Marc Marquez: «2019 hatte ich mehr Selbstvertrauen»
Marc Marquez
Nach seiner langen Verletzungsmisere und schwierigen Jahren mit Honda, hat der achtmalige Weltmeister Marc Marquez mit Gresini Ducati in die Erfolgsspur zurückgefunden. In der MotoGP-Saison 2024 konnte er bereits drei Grand Prix und einen Sprint gewinnen. Vor den letzten beiden Events liegt der 31-Jährige auf Platz 3 in der Gesamtwertung.
Sein Saisonziel habe er schon lange erreicht, betonte er immer wieder, jedoch wäre es nicht Marc Marquez, wenn er nicht an den Titel denken würde. 2025 soll dieses Vorhaben im Ducati-Werksteam gelingen. Im Interview mit SPEEDWEEK.com spricht der Spanier über die Unterschiede zwischen dem Marc Marquez von heute zu dem von 2019, als er seinen letzten WM-Titel holte.
Marc, am Montag nach dem ersten Misano-GP haben wir Andrea Dovizioso gefragt, ob er nach deinen Siegen in Aragon und Misano glaubt, dass du bereit bist, Rennen für Rennen zu gewinnen – wie der Marc Marquez vor der schicksalhaften Verletzung in Jerez 2020. Dovi sagte, dass er das noch nicht glaubt, aber dass du nahe dran bist.
Ich bin nah dran, aber ich habe das Gefühl, dass ich noch nicht auf dem Niveau bin, um in jedem Rennen im Jahr um den Sieg zu kämpfen. Es stimmt, dass ich in vielen Rennen nahe dran war – ich war konstant unter den ersten vier, was ich mir gewünscht habe. Aber es gab Rennen, in denen ich trotzdem zu weit von der Spitze entfernt war. Ob aus dem einen oder dem anderen Grund, das spielt keine Rolle, da müssen wir uns weiterentwickeln.

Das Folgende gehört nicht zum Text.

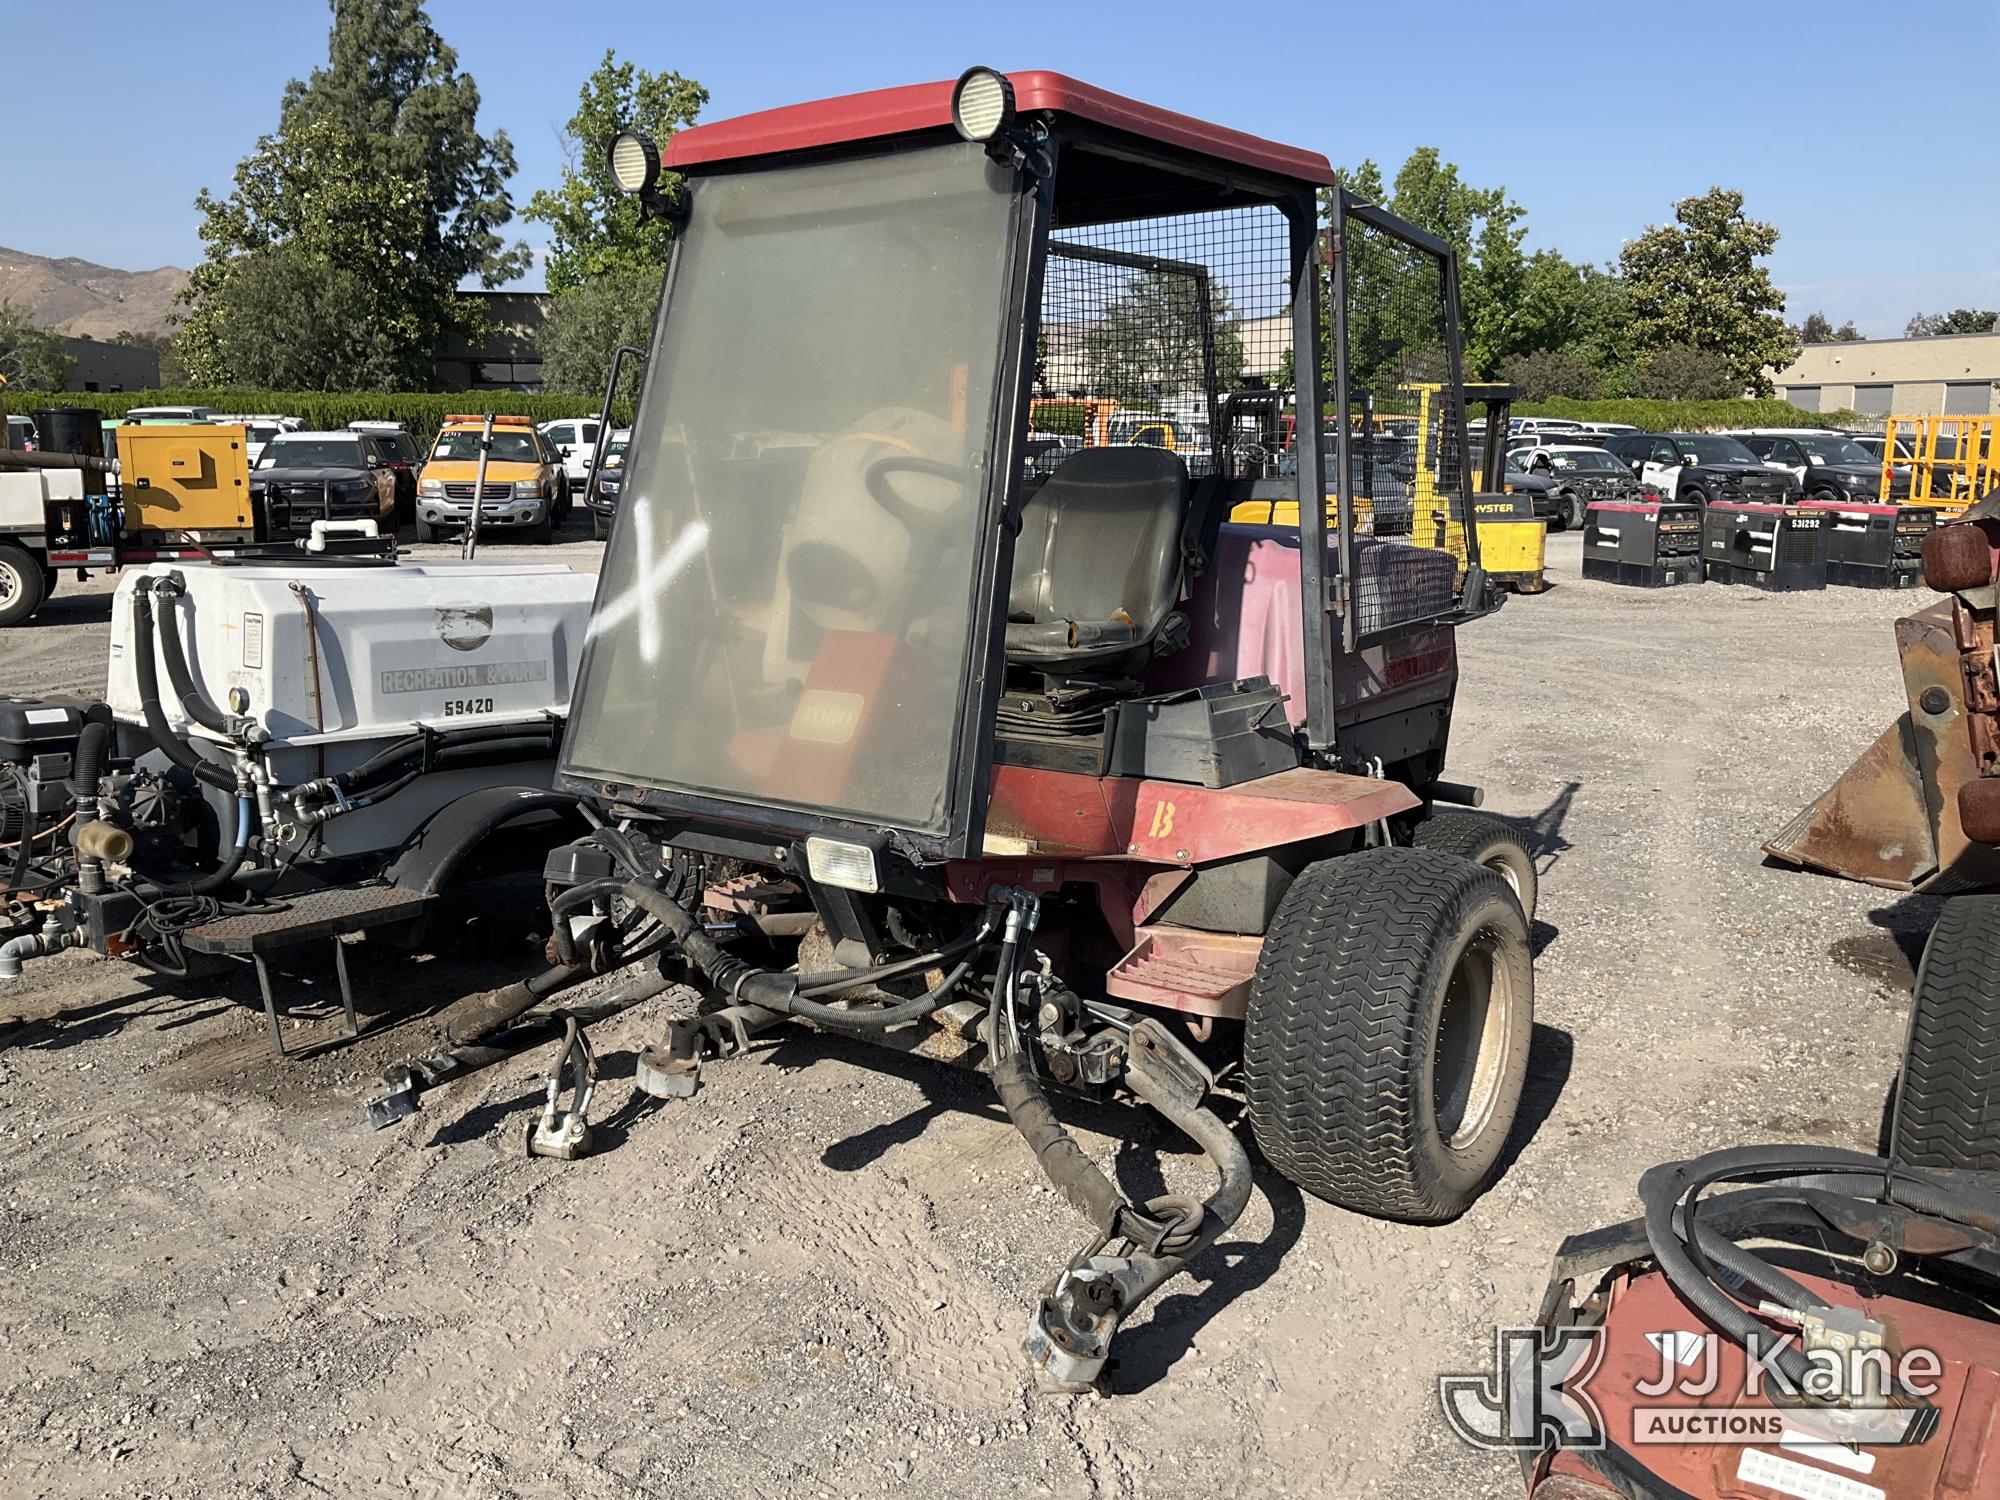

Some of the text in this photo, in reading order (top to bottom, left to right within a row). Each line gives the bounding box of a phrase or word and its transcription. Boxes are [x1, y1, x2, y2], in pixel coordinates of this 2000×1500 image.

Vergleiche dich mit dem Marc Marquez von 2019, als du zum letzten Mal Weltmeister wurdest.
Der Marc Marquez von 2019 war ein Marc mit viel mehr Selbstvertrauen. Ich habe jetzt auch Selbstvertrauen, aber zum Thailand-GP kam der Marc von 2019 mit fast 100 Punkten Vorsprung an – nachdem er eine ganze Saison lang Erster, Zweiter, Zweiter, Zweiter, Erster war. Es war ein Marc mit viel mehr Selbstvertrauen, auch körperlich besser, weil ich durchgemacht habe, was ich durchgemacht habe; aber es war ein unreiferer Marc Marquez.
Und was das Fahren angeht, wie siehst du dich im Vergleich zu 2019?
Was das Fahren angeht, fühle ich mich gut. Aber mich mit 2019 zu vergleichen, ist sehr relativ. Denn wenn man die Einstellungen am Motorrad eines Fahrers ändert, scheint er ein anderes Motorrad zu fahren. Manchmal kommt man an eine Strecke und die Dinge laufen nicht gut. Man ändert vier Kleinigkeiten an der Abstimmung und plötzlich hat man das Gefühl, dass man gut fährt. Deshalb ist das alles sehr, sehr relativ. Ich denke, ich bin auf einem ähnlichen Niveau wie 2019, denn ich fühle mich weder besser noch schlechter, sondern habe andere Stärken.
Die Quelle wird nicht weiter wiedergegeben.